◆ **ASSIGNED TASK**
Each record below needs to be written out exactly as it appears.

[RECORD EXTRACTS — start]

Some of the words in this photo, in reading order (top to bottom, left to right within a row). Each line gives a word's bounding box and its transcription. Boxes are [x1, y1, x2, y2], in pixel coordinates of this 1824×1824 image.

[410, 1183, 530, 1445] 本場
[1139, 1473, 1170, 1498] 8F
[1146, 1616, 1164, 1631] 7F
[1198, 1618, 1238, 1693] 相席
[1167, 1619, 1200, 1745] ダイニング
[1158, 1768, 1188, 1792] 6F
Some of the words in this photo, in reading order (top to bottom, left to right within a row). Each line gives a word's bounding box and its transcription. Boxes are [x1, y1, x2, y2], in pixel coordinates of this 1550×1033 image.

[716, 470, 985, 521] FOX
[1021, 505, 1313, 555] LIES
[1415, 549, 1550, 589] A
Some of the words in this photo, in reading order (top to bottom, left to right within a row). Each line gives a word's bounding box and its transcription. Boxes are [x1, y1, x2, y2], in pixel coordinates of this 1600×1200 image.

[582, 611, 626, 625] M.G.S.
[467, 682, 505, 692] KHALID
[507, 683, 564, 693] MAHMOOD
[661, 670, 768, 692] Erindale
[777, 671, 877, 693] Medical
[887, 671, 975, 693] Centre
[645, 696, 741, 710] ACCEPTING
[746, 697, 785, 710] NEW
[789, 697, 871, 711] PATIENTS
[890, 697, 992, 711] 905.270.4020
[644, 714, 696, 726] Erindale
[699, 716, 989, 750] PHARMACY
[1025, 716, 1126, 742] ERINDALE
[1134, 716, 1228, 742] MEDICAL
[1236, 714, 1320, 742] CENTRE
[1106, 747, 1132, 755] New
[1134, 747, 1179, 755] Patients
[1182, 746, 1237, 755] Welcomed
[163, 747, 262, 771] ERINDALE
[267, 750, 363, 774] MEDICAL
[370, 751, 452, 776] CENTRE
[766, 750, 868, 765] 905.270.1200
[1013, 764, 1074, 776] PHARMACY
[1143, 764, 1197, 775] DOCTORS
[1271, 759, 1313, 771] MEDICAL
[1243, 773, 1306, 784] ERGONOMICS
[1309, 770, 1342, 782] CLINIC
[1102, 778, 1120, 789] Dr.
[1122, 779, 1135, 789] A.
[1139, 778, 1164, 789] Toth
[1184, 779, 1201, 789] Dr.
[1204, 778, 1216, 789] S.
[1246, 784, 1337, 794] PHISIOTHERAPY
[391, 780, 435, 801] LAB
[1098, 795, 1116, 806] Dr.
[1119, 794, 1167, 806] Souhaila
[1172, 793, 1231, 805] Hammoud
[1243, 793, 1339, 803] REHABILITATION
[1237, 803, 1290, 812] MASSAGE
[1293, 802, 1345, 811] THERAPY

[RECORD EXTRACTS — finish]

◆ **RESULT**
Some of the words in this photo, in reading order (top to bottom, left to right within a row). Each line gives a word's bounding box and its transcription. Boxes are [x1, y1, x2, y2], in pixel coordinates of this 1824×1824 image.

[410, 1183, 530, 1445] 本場
[1139, 1473, 1170, 1498] 8F
[1146, 1616, 1164, 1631] 7F
[1198, 1618, 1238, 1693] 相席
[1167, 1619, 1200, 1745] ダイニング
[1158, 1768, 1188, 1792] 6F
Some of the words in this photo, in reading order (top to bottom, left to right within a row). Each line gives a word's bounding box and its transcription. Boxes are [x1, y1, x2, y2], in pixel coordinates of this 1550×1033 image.

[716, 470, 985, 521] FOX
[1021, 505, 1313, 555] LIES
[1415, 549, 1550, 589] A
Some of the words in this photo, in reading order (top to bottom, left to right within a row). Each line gives a word's bounding box and its transcription. Boxes are [x1, y1, x2, y2], in pixel coordinates of this 1600×1200 image.

[582, 611, 626, 625] M.G.S.
[467, 682, 505, 692] KHALID
[507, 683, 564, 693] MAHMOOD
[661, 670, 768, 692] Erindale
[777, 671, 877, 693] Medical
[887, 671, 975, 693] Centre
[645, 696, 741, 710] ACCEPTING
[746, 697, 785, 710] NEW
[789, 697, 871, 711] PATIENTS
[890, 697, 992, 711] 905.270.4020
[644, 714, 696, 726] Erindale
[699, 716, 989, 750] PHARMACY
[1025, 716, 1126, 742] ERINDALE
[1134, 716, 1228, 742] MEDICAL
[1236, 714, 1320, 742] CENTRE
[1106, 747, 1132, 755] New
[1134, 747, 1179, 755] Patients
[1182, 746, 1237, 755] Welcomed
[163, 747, 262, 771] ERINDALE
[267, 750, 363, 774] MEDICAL
[370, 751, 452, 776] CENTRE
[766, 750, 868, 765] 905.270.1200
[1013, 764, 1074, 776] PHARMACY
[1143, 764, 1197, 775] DOCTORS
[1271, 759, 1313, 771] MEDICAL
[1243, 773, 1306, 784] ERGONOMICS
[1309, 770, 1342, 782] CLINIC
[1102, 778, 1120, 789] Dr.
[1122, 779, 1135, 789] A.
[1139, 778, 1164, 789] Toth
[1184, 779, 1201, 789] Dr.
[1204, 778, 1216, 789] S.
[1246, 784, 1337, 794] PHISIOTHERAPY
[391, 780, 435, 801] LAB
[1098, 795, 1116, 806] Dr.
[1119, 794, 1167, 806] Souhaila
[1172, 793, 1231, 805] Hammoud
[1243, 793, 1339, 803] REHABILITATION
[1237, 803, 1290, 812] MASSAGE
[1293, 802, 1345, 811] THERAPY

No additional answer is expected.